Exercise directions: Without any images, output the records below verbatim.

[Referring expression grounding data]
>>

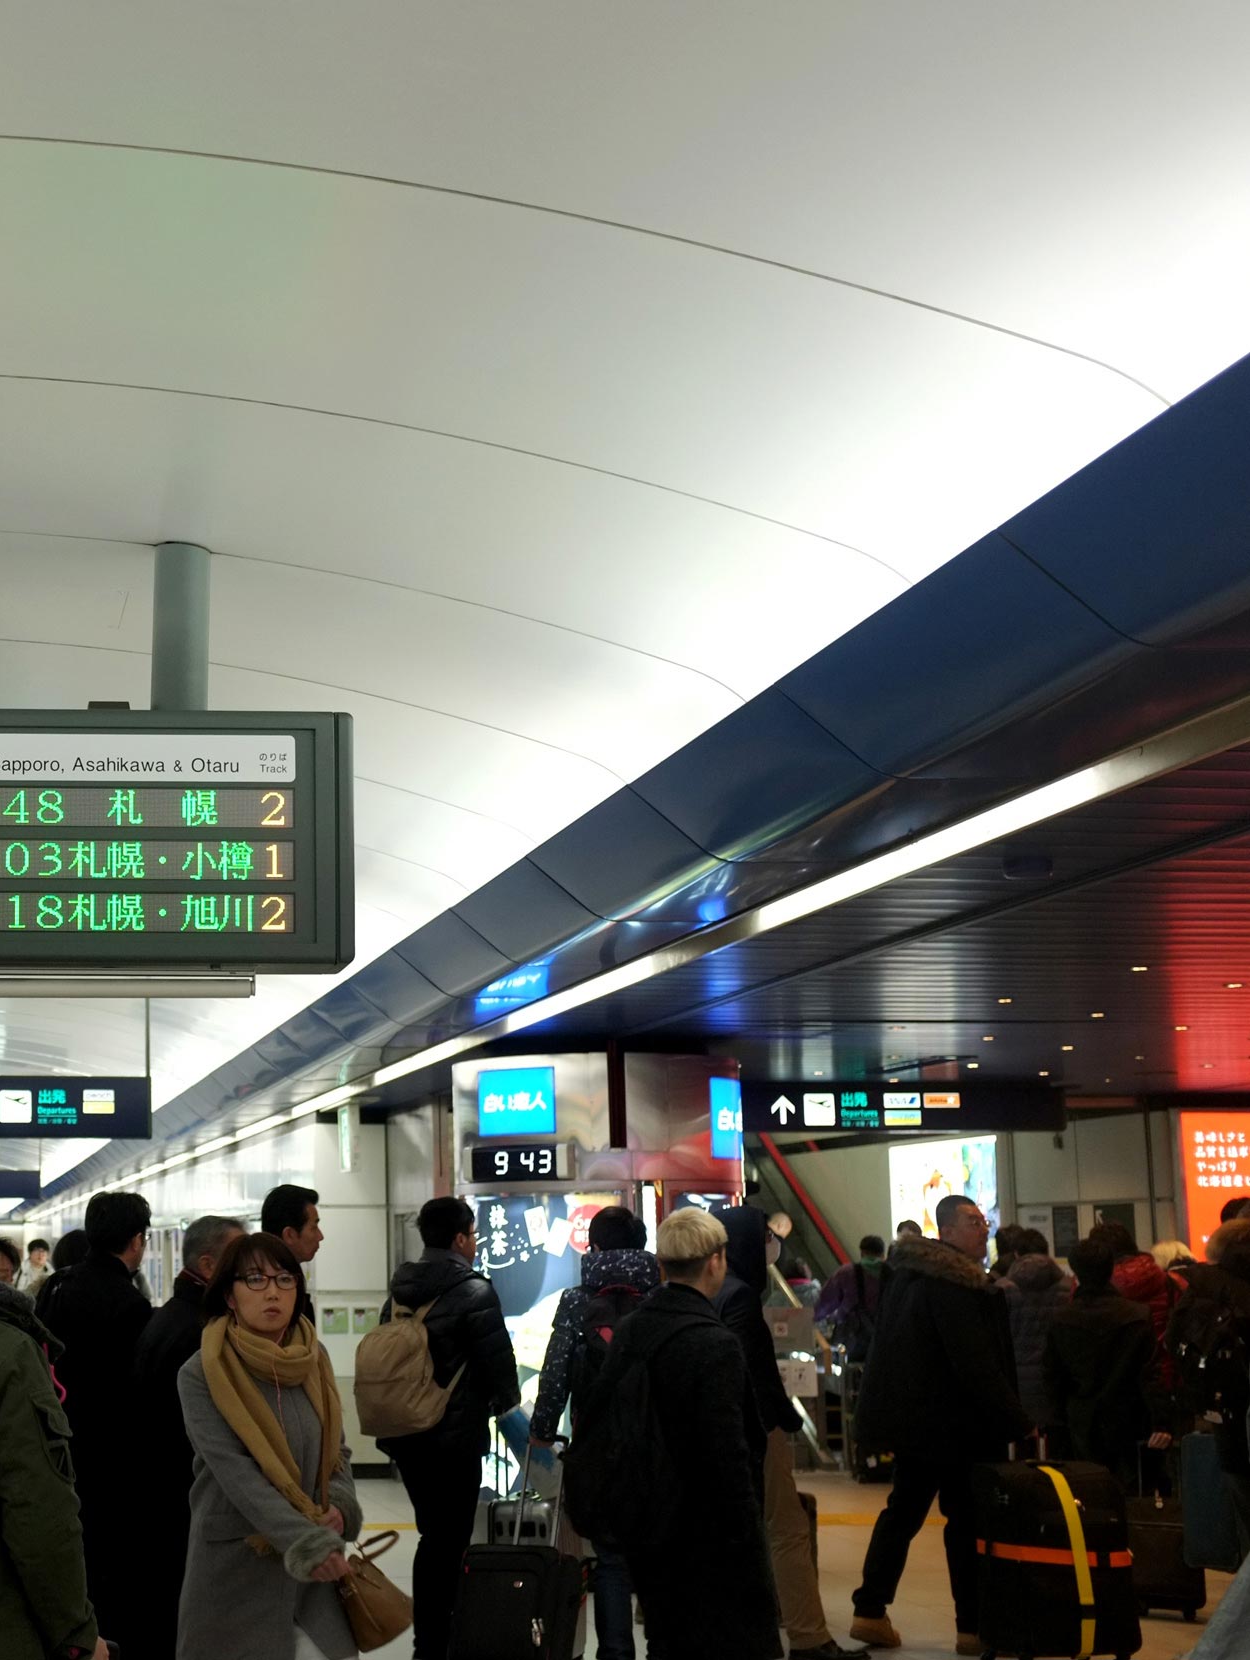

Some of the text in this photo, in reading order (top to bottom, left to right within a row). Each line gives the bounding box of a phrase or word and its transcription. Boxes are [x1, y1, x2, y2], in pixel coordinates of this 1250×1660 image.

[72, 756, 165, 773] Asahikawa
[173, 759, 183, 773] &
[191, 757, 239, 773] Otaru
[259, 752, 287, 762] のりば
[260, 763, 287, 774] Track
[260, 791, 285, 826] 2
[68, 841, 254, 881] 札幌・小樽
[265, 844, 284, 878] 1
[68, 893, 254, 932] 札幌・旭川
[261, 896, 286, 931] 2
[38, 1089, 66, 1104] 出発
[841, 1092, 868, 1107] 出発
[37, 1106, 77, 1116] Departures
[841, 1109, 879, 1119] Departures
[1197, 1160, 1237, 1173] やっぱり

<<

Response to the exercise:
Some of the text in this photo, in reading order (top to bottom, left to right within a row). Each line gives the bounding box of a phrase or word and its transcription. Boxes are [x1, y1, x2, y2], in pixel coordinates of this 1250×1660 image.

[72, 756, 165, 773] Asahikawa
[173, 759, 183, 773] &
[191, 757, 239, 773] Otaru
[259, 752, 287, 762] のりば
[260, 763, 287, 774] Track
[260, 791, 285, 826] 2
[68, 841, 254, 881] 札幌・小樽
[265, 844, 284, 878] 1
[68, 893, 254, 932] 札幌・旭川
[261, 896, 286, 931] 2
[38, 1089, 66, 1104] 出発
[841, 1092, 868, 1107] 出発
[37, 1106, 77, 1116] Departures
[841, 1109, 879, 1119] Departures
[1197, 1160, 1237, 1173] やっぱり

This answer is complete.